Brain Exercises: Can They Help Older Adults?

Medically Reviewed by Brunilda Nazario, MD on March 15, 2021
4 min read

Search “brain exercises for older adults” online, and you’ll find suggestions for everything from sudoku to chess. You’ll also find dedicated brain training programs or apps that promise to boost memory, attention, and more, with the goal to keep you mentally sharp no matter your age. They often claim to be backed by science. But does brain exercise or “brain training” actually work?

“As a scientist, it’s not a black-and-white, yes-or no-answer,” says Susanne Jaeggi, PhD, a cognitive scientist at the University of California, Irvine. “I’d say it depends. It can be useful as part of your general set of things you do as you get older, along with physical exercise, good diet, good sleep schedule, and in general keeping active, cognitively or mentally speaking. There’s a lot you can do to keep in shape, and brain exercise can be part of it.”

That said, many apps promise that if you do their exercises for even a few minutes a day, “it will prevent dementia,” she says. The reality is more subtle and complicated.

The Advanced Cognitive Training for Independent and Vital Elderly (ACTIVE) study is often cited in favor of brain training’s benefits for older people. The trial included more than 2,800 people, ages 65 and up. Researchers designed it to test whether different kinds of brain training could help people stay independent with age by improving their mental abilities.

Overall, the findings showed that several weeks of brain training worked. People generally got better at the skill their training targeted. So, those who trained to do visual searches quickly got faster at them. Those who worked on problem-solving usually improved in that area. Memory training led to some improvements, too, though less often.

A least some people got better at doing the kinds of mental tests they practiced doing in the study. But, before you run off to start training, wait a minute. The study didn’t find any evidence that those improvements on the tests helped people in their everyday lives. It’s possible that’s because people in the study didn’t have any cognitive impairment to start with.

To find out if training would help people later in life, researchers got the study’s participants back 10 years later, when they were 82 on average. And, there was some modestly good news. About 60% of people who’d done brain training in the study reported that they were doing just as well or better with daily life activities.

That’s compared to half of the people in the study’s control group, who didn’t do any special training. So, a decade later, the majority of people who’d done some brain training hadn’t noticed any decline. They were as a group perhaps doing a bit better on average than those who didn’t do the training. Still, the researchers reported that the benefits were modest at best, probably because so many other factors are at play.

“We do know brain training works for some people,” Jaeggi says. “But, we have limited understanding of the mechanism. What is it exactly about [certain] exercises that work well? Why do they work for some people and not others?”

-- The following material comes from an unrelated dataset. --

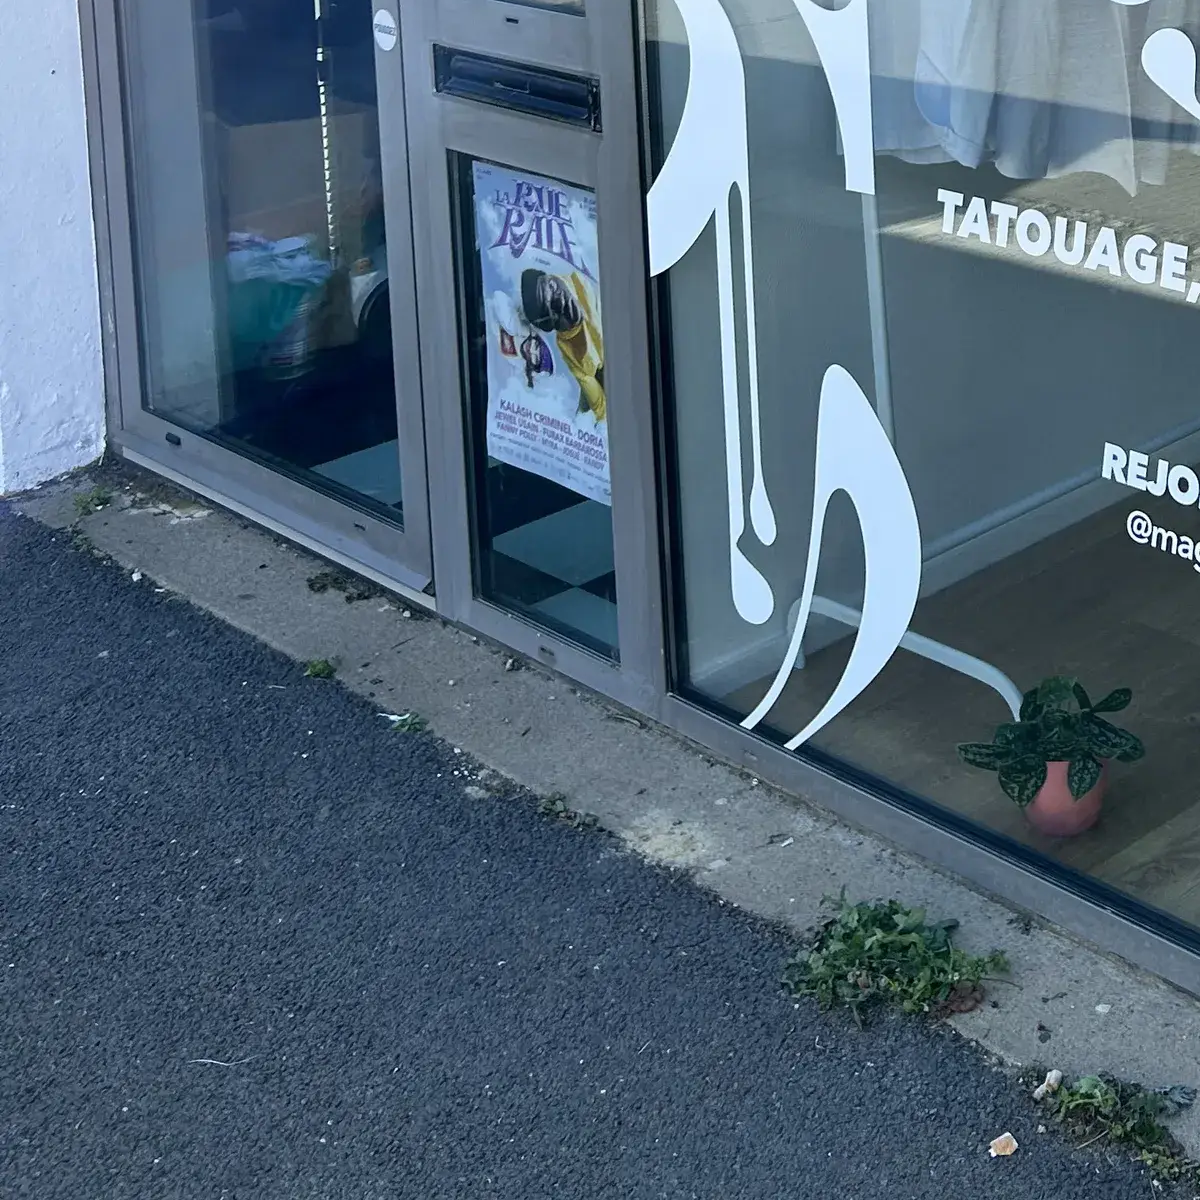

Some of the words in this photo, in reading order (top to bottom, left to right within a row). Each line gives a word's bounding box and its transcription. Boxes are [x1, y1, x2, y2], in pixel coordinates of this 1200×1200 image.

[500, 399, 532, 419] KALASH
[533, 412, 573, 436] CRIMINEL
[578, 429, 604, 449] DORIA

Jaeggi is part of an online study enrolling 30,000 people to help find the answer. Her work focuses on brain training aimed at improving working memory. Working memory is what you need to keep information in mind for a short period of time while you’re doing other things. It’s important for lots of skills you need to get through the day and engage with other people, from following a conversation to doing mental math.

A brain exercise that’s best known and studied for tapping into working memory is the n-back task, says Benjamin Katz, PhD, an assistant professor of human development at Virginia Tech who studies cognitive training.

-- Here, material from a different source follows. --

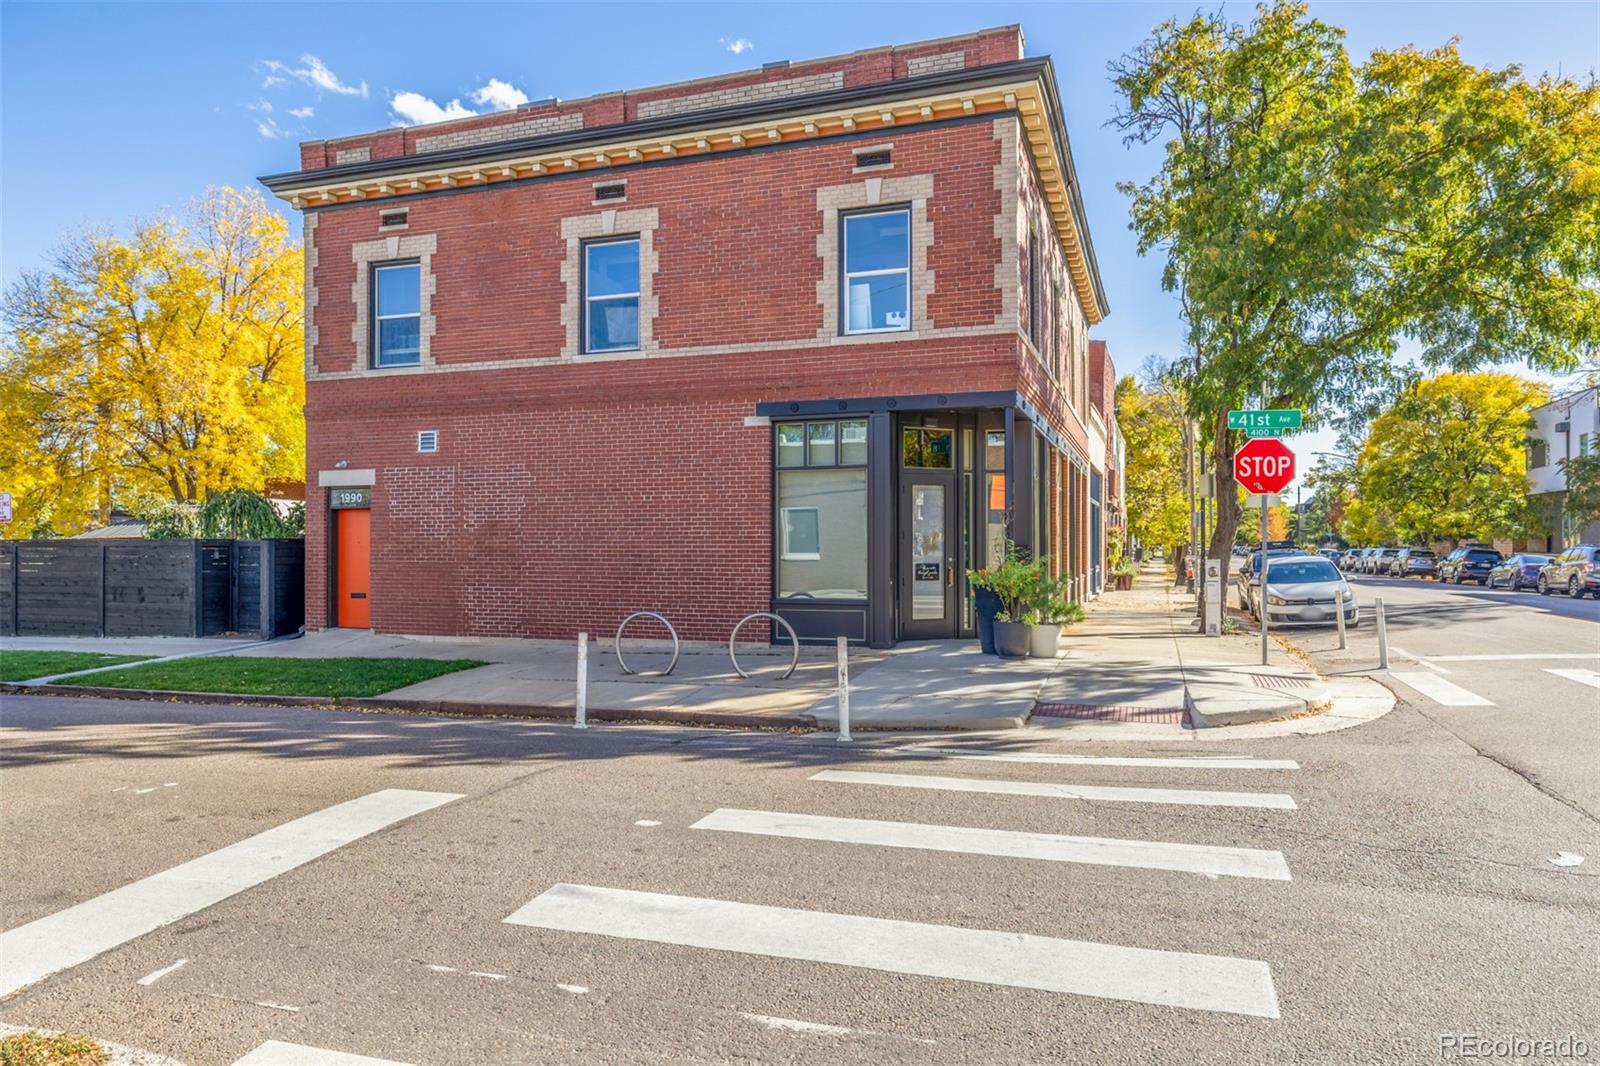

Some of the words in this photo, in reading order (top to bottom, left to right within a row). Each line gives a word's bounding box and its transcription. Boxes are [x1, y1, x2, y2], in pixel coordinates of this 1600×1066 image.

[1238, 413, 1270, 426] 41st
[1239, 456, 1291, 477] STOP
[340, 493, 362, 503] 1990

“You have to remember a series of blocks lit up on a screen and a series of letters,” he says. “You have to remember that series and indicate if a letter or block matched the one that came some number before it.”

While most exercises don’t transfer well to other tasks or daily life, there’s some evidence the n-back task does. One study showed it led to better fluid intelligence, the ability to reason and solve new problems. A later study showed that more training also translated into bigger gains.

“Oftentimes, there's near transfer,” Katz says. “You do better after doing programs on very similar tasks. That’s important, but there’s a lot less evidence that those tasks necessarily can directly improve things you care about every day, like remembering what you need to buy at the grocery store or remembering a person's name.”

The bottom line for Jaeggi: “There’s accumulating evidence that some games can be beneficial. I wouldn’t discourage from playing them. But, it's not a silver bullet -- ‘Play this and don't get dementia.’ That’s really not how this works.”

Katz says that rather than using brain training programs, it may be better to do things that generally keep you learning and engaged in your life. He suggests learning a musical instrument or foreign language or engaging in creative art activities.

“Those almost certainly are in many ways analogous to cognitive training,” he says. "They can be more fun and interesting, and there’s just as much evidence those might help.”

If you like board games or cards, play them, he says. Whatever activities you choose to stay mentally engaged, he also suggests that you keep challenging yourself and change it up often. Don’t just keep doing the same sudoku or crossword puzzles over and over. It’s also important to put the time in and keep it up.

“With physical exercise, if you stop, you don't expect to stay physically fit or keep your running time,” Katz says. When it comes to exercising your brain, the same rule applies.